**Description of the task**
Your answer should reproduce the full set of records exactly as given.

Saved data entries
======
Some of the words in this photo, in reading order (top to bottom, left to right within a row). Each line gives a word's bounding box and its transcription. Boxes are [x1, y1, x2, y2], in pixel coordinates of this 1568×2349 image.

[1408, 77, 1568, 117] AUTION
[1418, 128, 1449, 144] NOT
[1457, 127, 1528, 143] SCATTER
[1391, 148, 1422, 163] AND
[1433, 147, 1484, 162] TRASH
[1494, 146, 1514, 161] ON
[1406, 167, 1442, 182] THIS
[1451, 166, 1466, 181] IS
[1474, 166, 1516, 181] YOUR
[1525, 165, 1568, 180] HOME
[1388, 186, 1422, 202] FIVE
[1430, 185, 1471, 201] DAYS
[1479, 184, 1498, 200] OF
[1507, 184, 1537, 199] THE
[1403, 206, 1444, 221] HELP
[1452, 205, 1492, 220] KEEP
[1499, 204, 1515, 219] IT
======
**Output of the exercise**
Some of the words in this photo, in reading order (top to bottom, left to right within a row). Each line gives a word's bounding box and its transcription. Boxes are [x1, y1, x2, y2], in pixel coordinates of this 1568×2349 image.

[1408, 77, 1568, 117] AUTION
[1418, 128, 1449, 144] NOT
[1457, 127, 1528, 143] SCATTER
[1391, 148, 1422, 163] AND
[1433, 147, 1484, 162] TRASH
[1494, 146, 1514, 161] ON
[1406, 167, 1442, 182] THIS
[1451, 166, 1466, 181] IS
[1474, 166, 1516, 181] YOUR
[1525, 165, 1568, 180] HOME
[1388, 186, 1422, 202] FIVE
[1430, 185, 1471, 201] DAYS
[1479, 184, 1498, 200] OF
[1507, 184, 1537, 199] THE
[1403, 206, 1444, 221] HELP
[1452, 205, 1492, 220] KEEP
[1499, 204, 1515, 219] IT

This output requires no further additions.